The expected response is an exact repetition of every record, with images excluded.

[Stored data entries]
====================
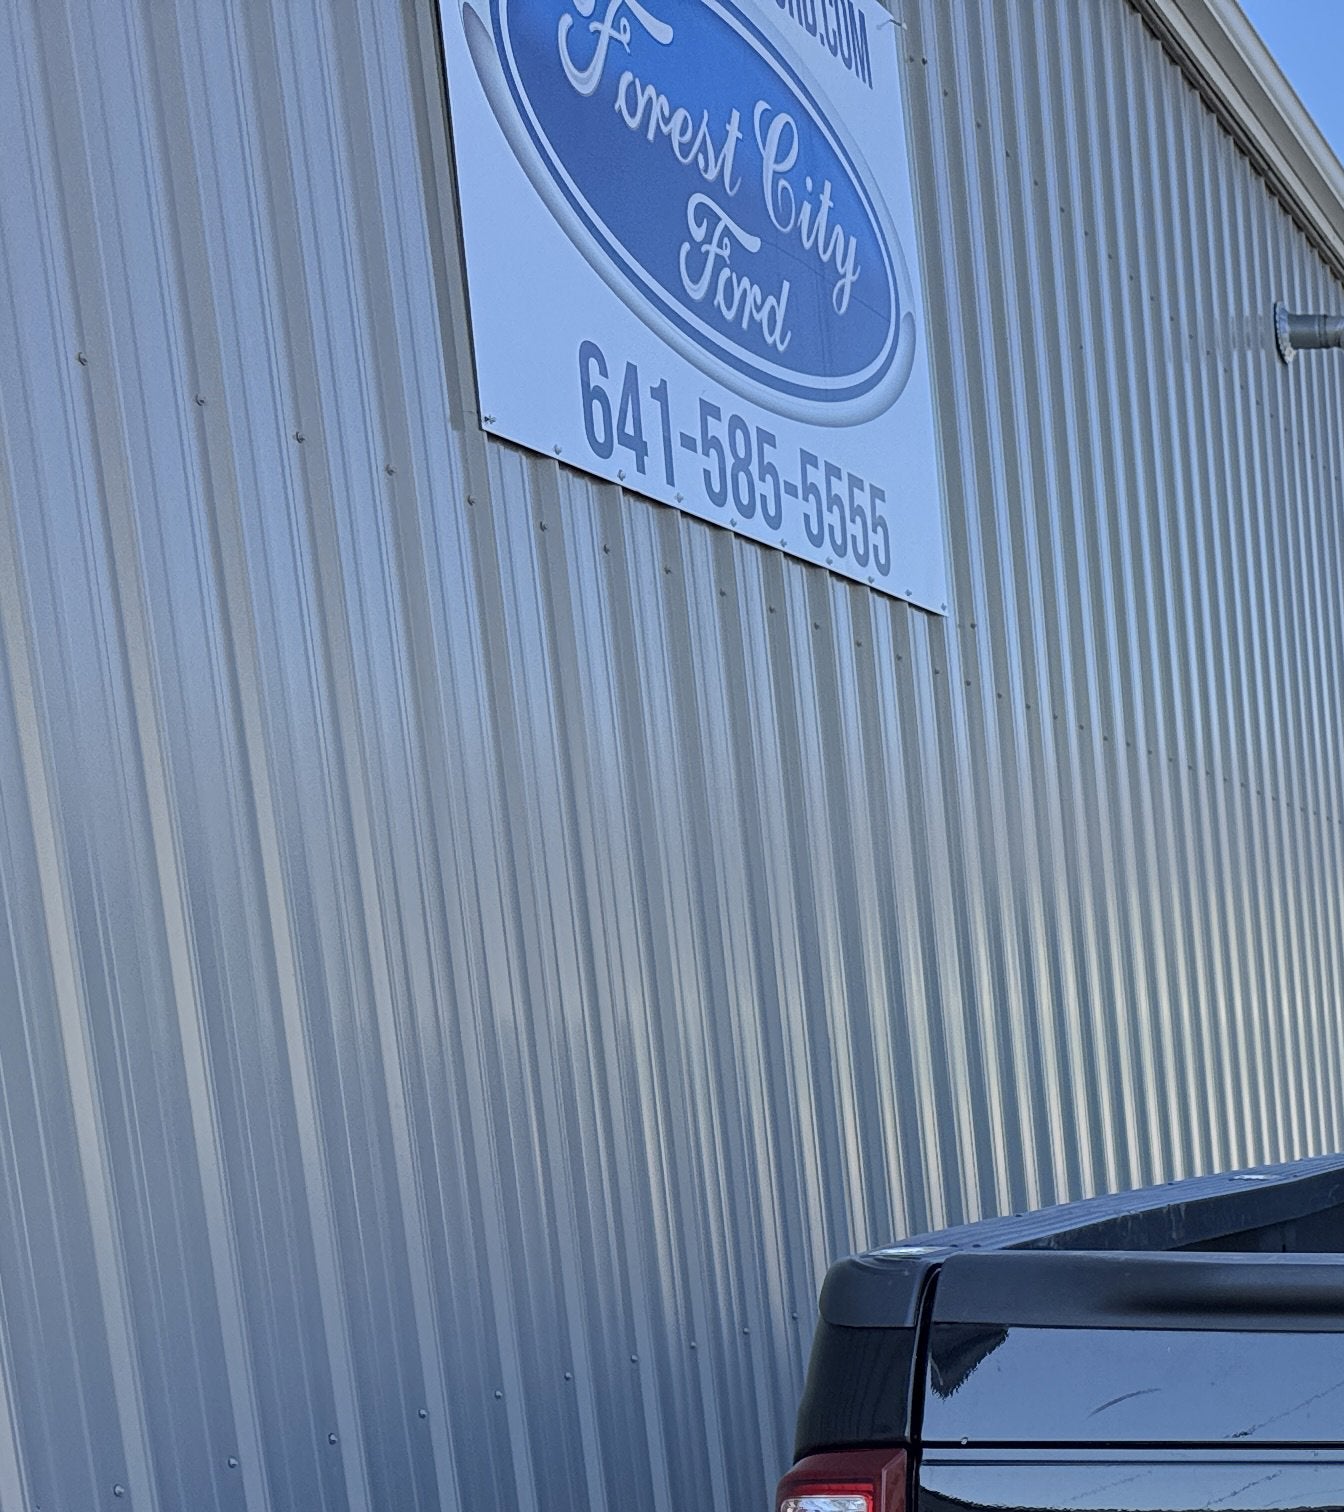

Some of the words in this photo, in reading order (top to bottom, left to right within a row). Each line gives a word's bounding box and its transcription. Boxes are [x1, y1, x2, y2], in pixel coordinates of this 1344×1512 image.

[557, 0, 744, 197] Forest
[753, 100, 860, 315] City
[679, 192, 791, 351] Ford
[578, 340, 892, 577] 641-585-5555
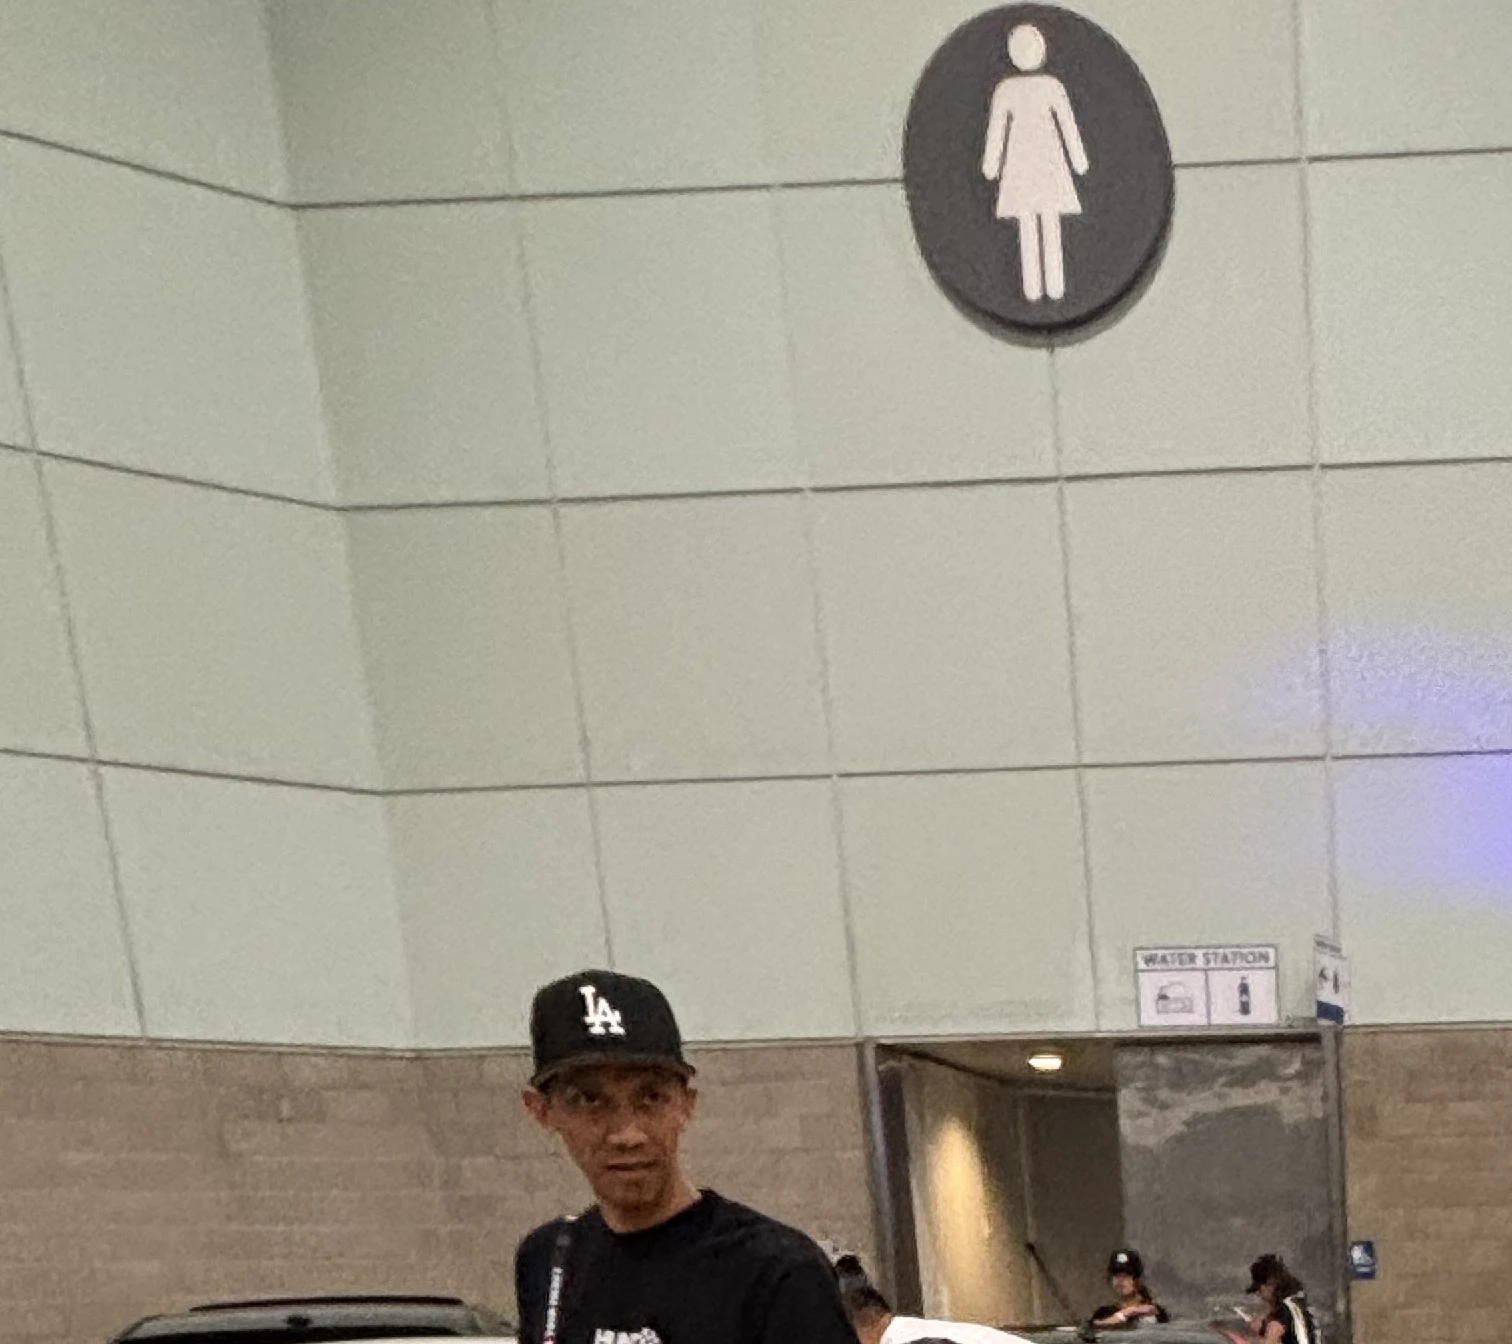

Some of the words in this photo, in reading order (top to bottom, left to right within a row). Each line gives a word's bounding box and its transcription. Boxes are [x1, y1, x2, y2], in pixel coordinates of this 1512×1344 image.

[1143, 952, 1197, 968] WATER
[1202, 950, 1270, 966] STATION
[579, 985, 627, 1035] LA
====================
- **Exercise solution**
Some of the words in this photo, in reading order (top to bottom, left to right within a row). Each line gives a word's bounding box and its transcription. Boxes are [x1, y1, x2, y2], in pixel coordinates of this 1344×1512 image.

[557, 0, 744, 197] Forest
[753, 100, 860, 315] City
[679, 192, 791, 351] Ford
[578, 340, 892, 577] 641-585-5555

Some of the words in this photo, in reading order (top to bottom, left to right within a row). Each line gives a word's bounding box and its transcription. Boxes are [x1, y1, x2, y2], in pixel coordinates of this 1512×1344 image.

[1143, 952, 1197, 968] WATER
[1202, 950, 1270, 966] STATION
[579, 985, 627, 1035] LA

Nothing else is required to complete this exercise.